The difference from 4K or 8K is invisible at the viewing distance often used, but vinyl often sounds worse (hence vinyl is not real hi-fi).
If someone wants to characterize vinyl as "not real hi-fi" that seems reasonable, depending on what they mean by that.
For instance, if you want to have a hard bar for "high fidelity" which would be: "the highest current standard for fidelity"- digital - and anything that falls short of that is "not hi-fidelity" well that's fine as far as that goes.
I'm more interested in what someone will claim in terms of the implications for actual sound quality.
For example, take a best case scenario, an excellent record pressing from the same original digital master as the CD release (for instance one LP and CD version I have of Talk Talk's Color Of Spring). A good pressing can sound extremely close, almost identical, to the digital version. Now using the above criteria one could still just declare the digital "high fidelity" and the vinyl version "not high fidelity." But to me in actual sonic terms that's, as Axo put it, getting in to "the narcissism of small differences." I personally would still think of the vinyl version as "hi fidelity" in terms of the fact that playing it back on an excellent system (e.g. revealing/low distortion speakers) will produce tons of sonic information about the track. Certainly lots more than you would hear on a poor quality playback system with a digital source. That's why guests often are taken aback at the sound quality on my system whether I happen to play records or digital sources.
And this gets in to subjective assessment as to "how much better" the digital sounds. So taking again the previous example, if you have a super clean vinyl playback that sounds almost identical to the CD version...but now add in a few ticks and pops. What does that do to the "sound quality?" Well, if ticks and pops really bug you, really distract you, then it could be a serious downgrade in the sound quality. But if they don't, then a few ticks or pops are almost nothing consequential. Virtually all that same sonic information is right there to listen to, 99.9 percent of the sonic information coming out from the speakers is the recorded music. If you are someone who doesn't pay attention to a few ticks and pops, then you are still just hearing all that glorious sound and it would be damned weird to hear someone say "wow, now this sounds really bad!"

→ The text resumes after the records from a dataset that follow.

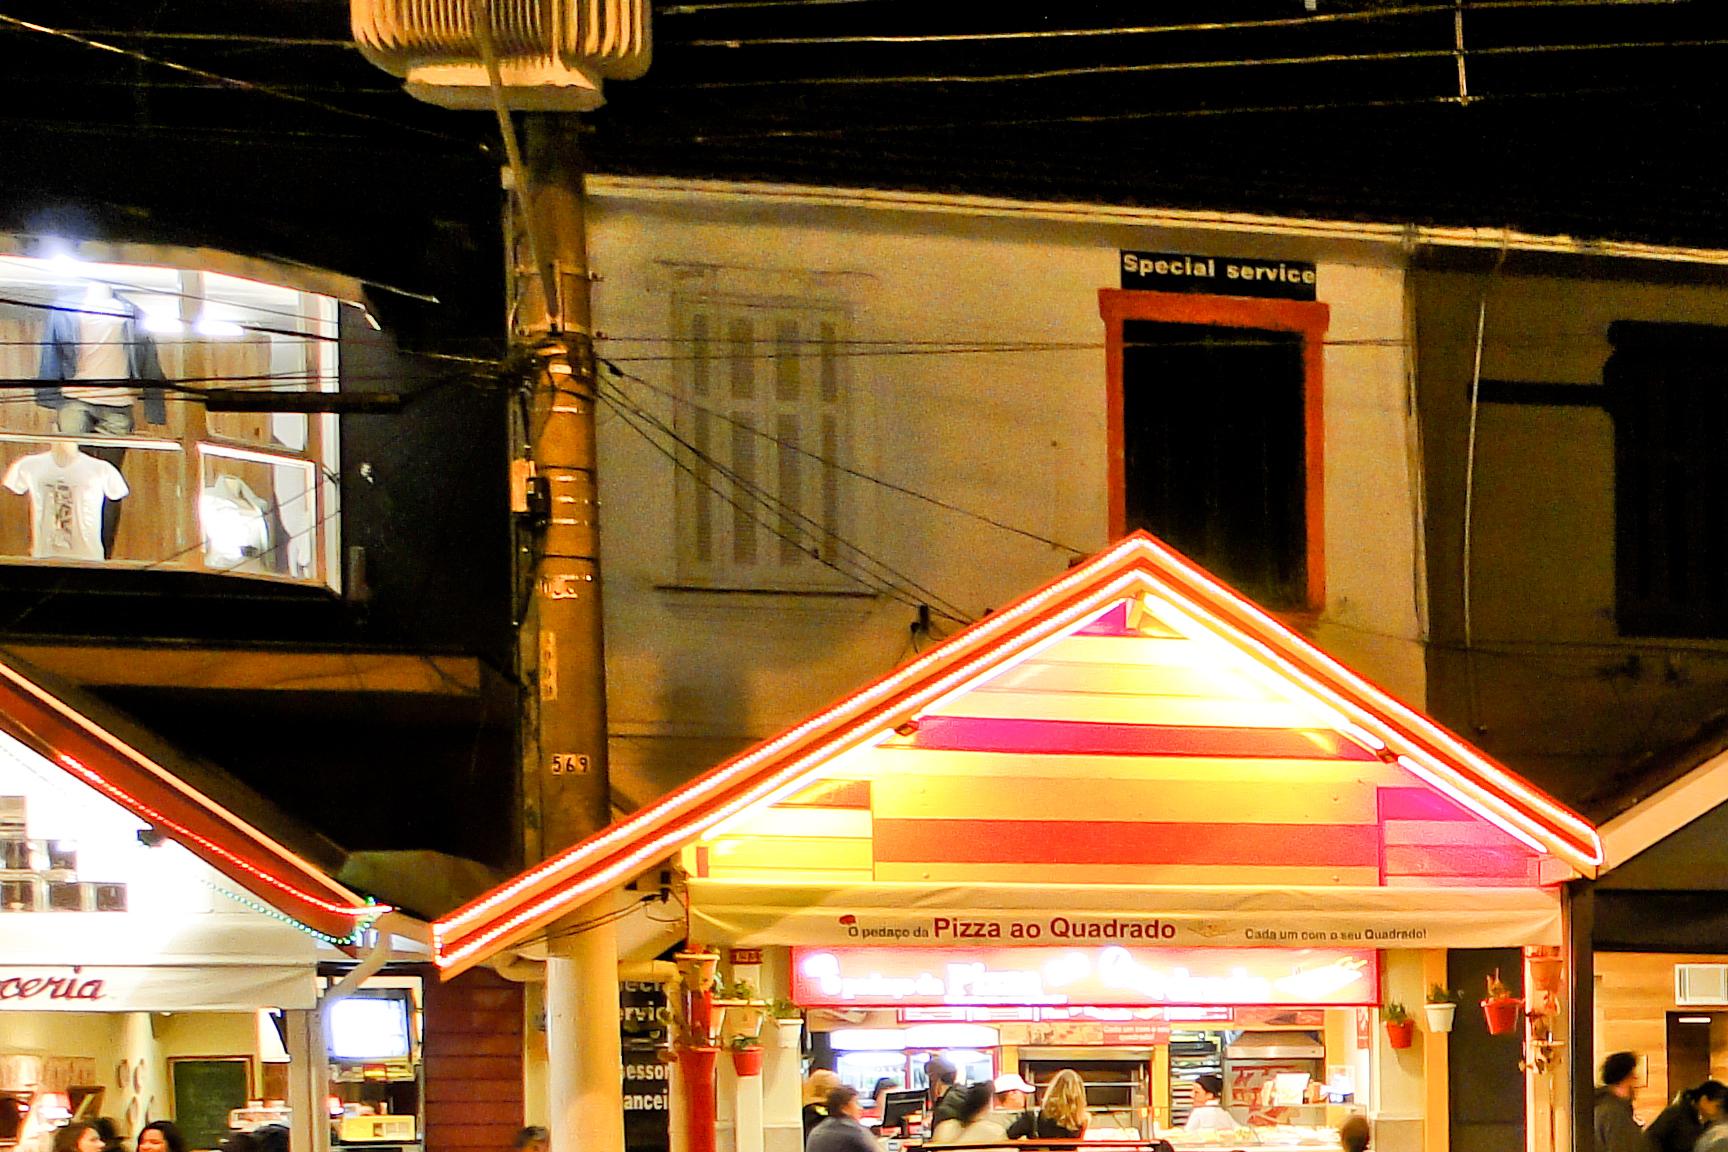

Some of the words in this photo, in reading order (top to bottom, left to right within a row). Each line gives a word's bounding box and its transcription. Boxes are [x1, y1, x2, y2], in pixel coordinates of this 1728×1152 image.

[1123, 253, 1215, 278] Special
[1226, 262, 1315, 284] service
[552, 755, 588, 773] 569
[862, 926, 911, 940] pedaço
[913, 926, 929, 938] da
[933, 917, 1001, 939] Pizza
[1010, 922, 1041, 939] ao
[1050, 917, 1176, 940] Quadrado
[1245, 928, 1276, 940] Cada
[1279, 930, 1298, 940] um
[1301, 931, 1327, 941] com
[1340, 931, 1362, 941] seu
[1364, 928, 1427, 940] Quadrado!
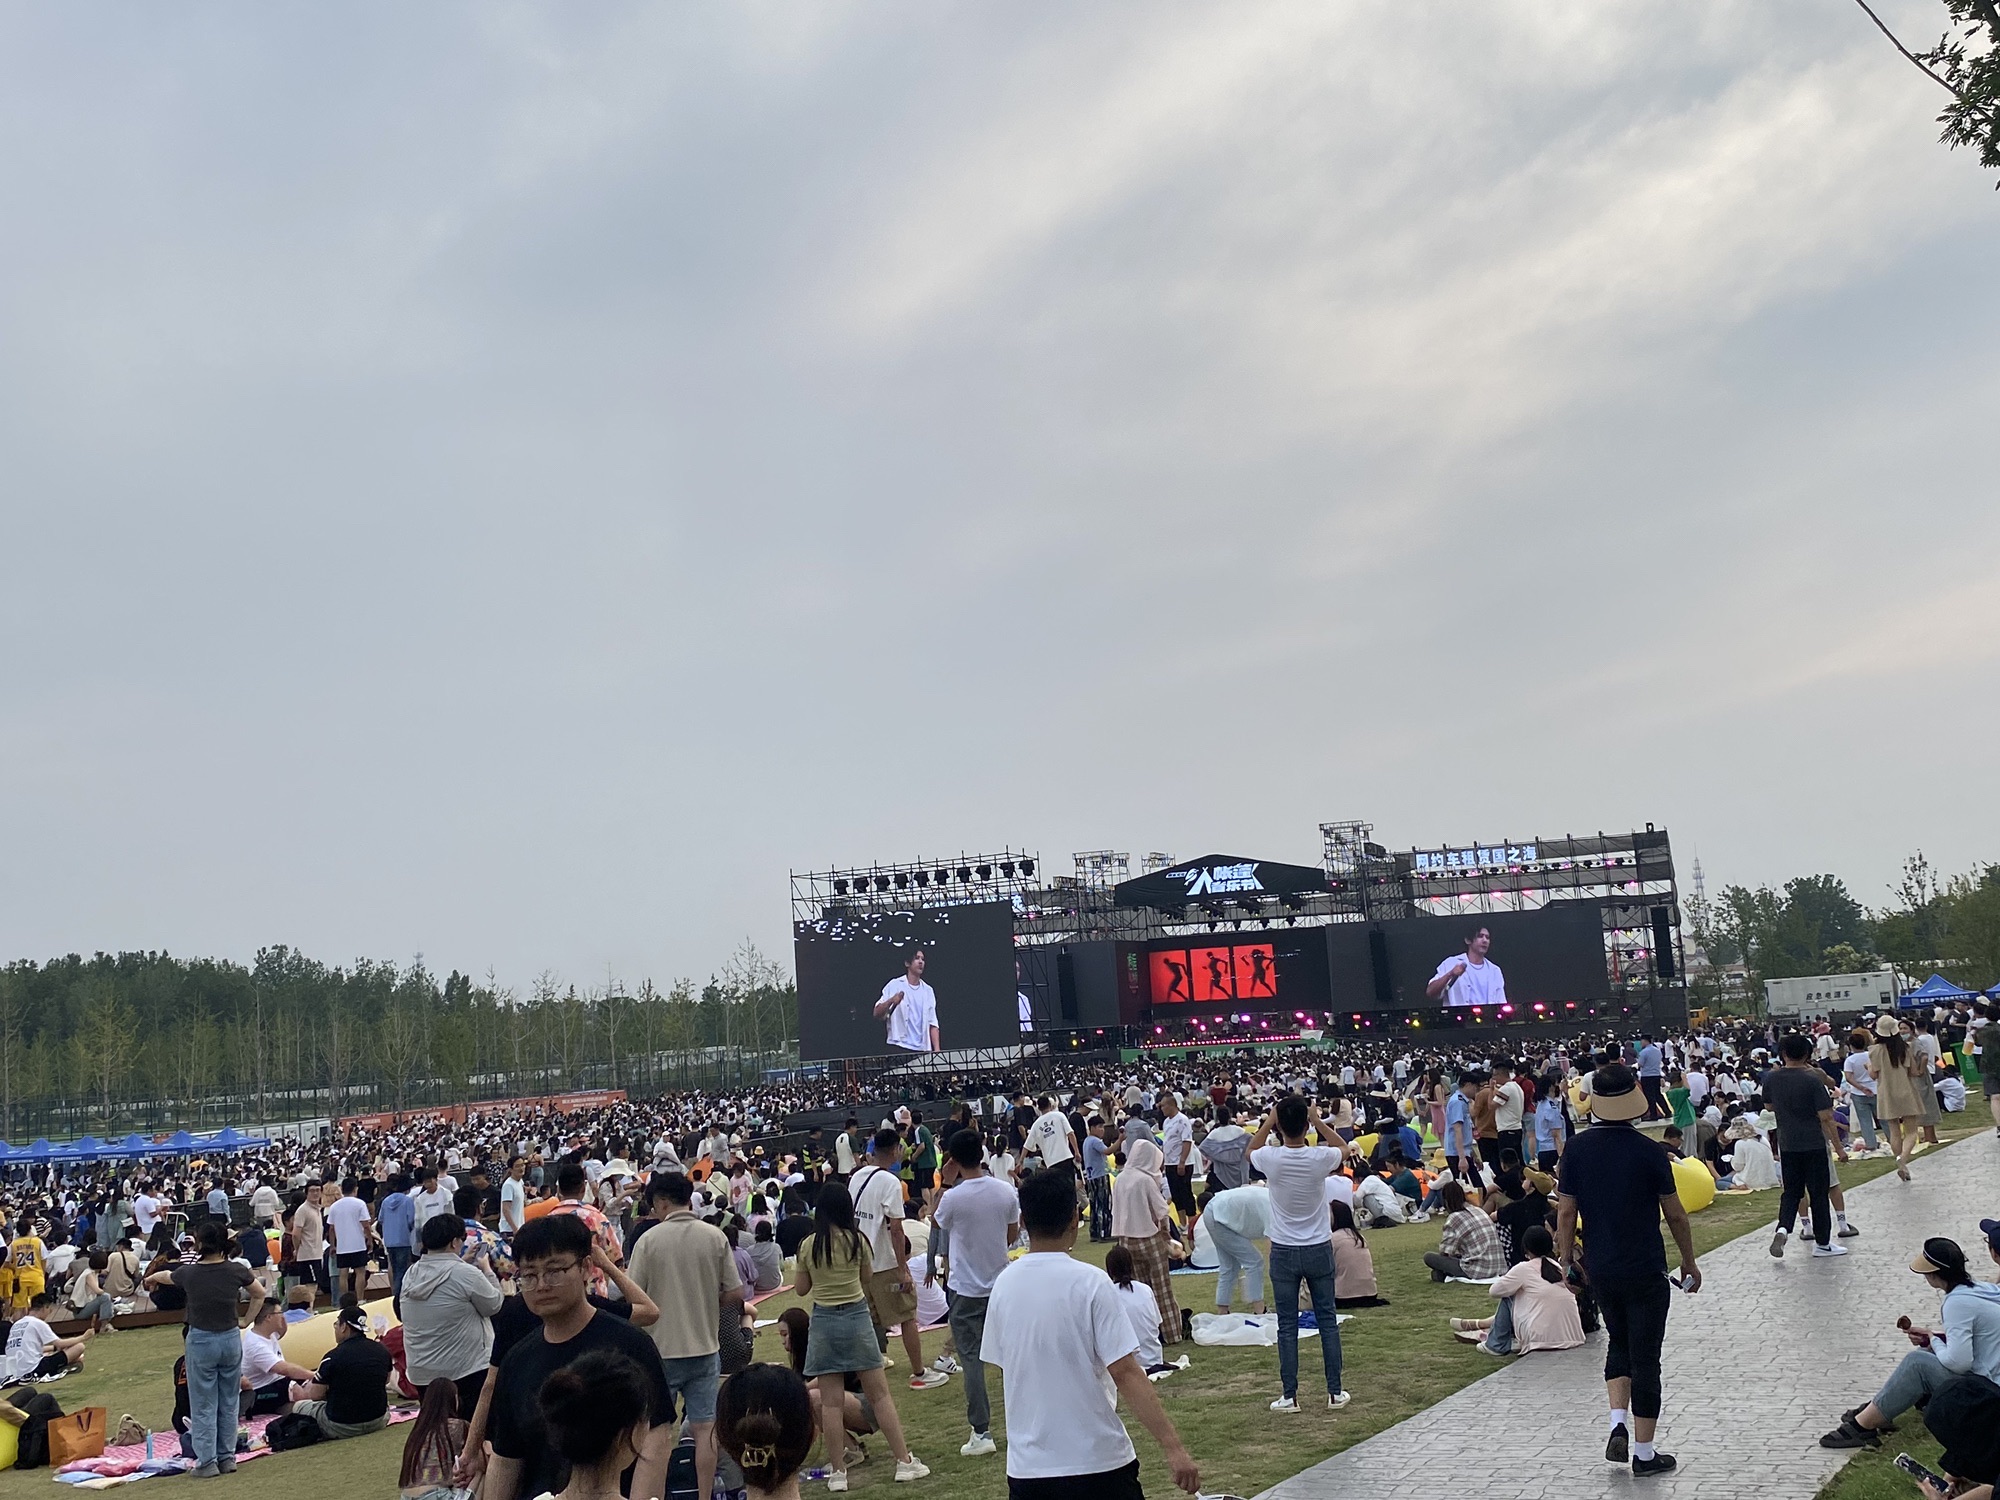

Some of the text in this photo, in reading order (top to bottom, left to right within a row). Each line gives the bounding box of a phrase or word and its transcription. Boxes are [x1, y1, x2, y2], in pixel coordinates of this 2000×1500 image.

[1211, 879, 1255, 893] 音乐节
[1806, 990, 1851, 1000] 应急电源车
[16, 1251, 35, 1268] 24

So we could listen to the very same comparison, both note any vinyl artifacts that occur, but still differ...reasonably...on it's impact on the sound quality in our listening experience.
I wouldn't begrudge anyone who is sensitive to vinyl artifacts. If it makes the experience suck for you, I get it. But someone else's assessment of vinyl sound quality as "low-fidelity" or "poor sound quality" based on their own sensitivity is neither here nor there for me: I just go with what I'm hearing and enjoying in my system, and in my own comparisons, mostly.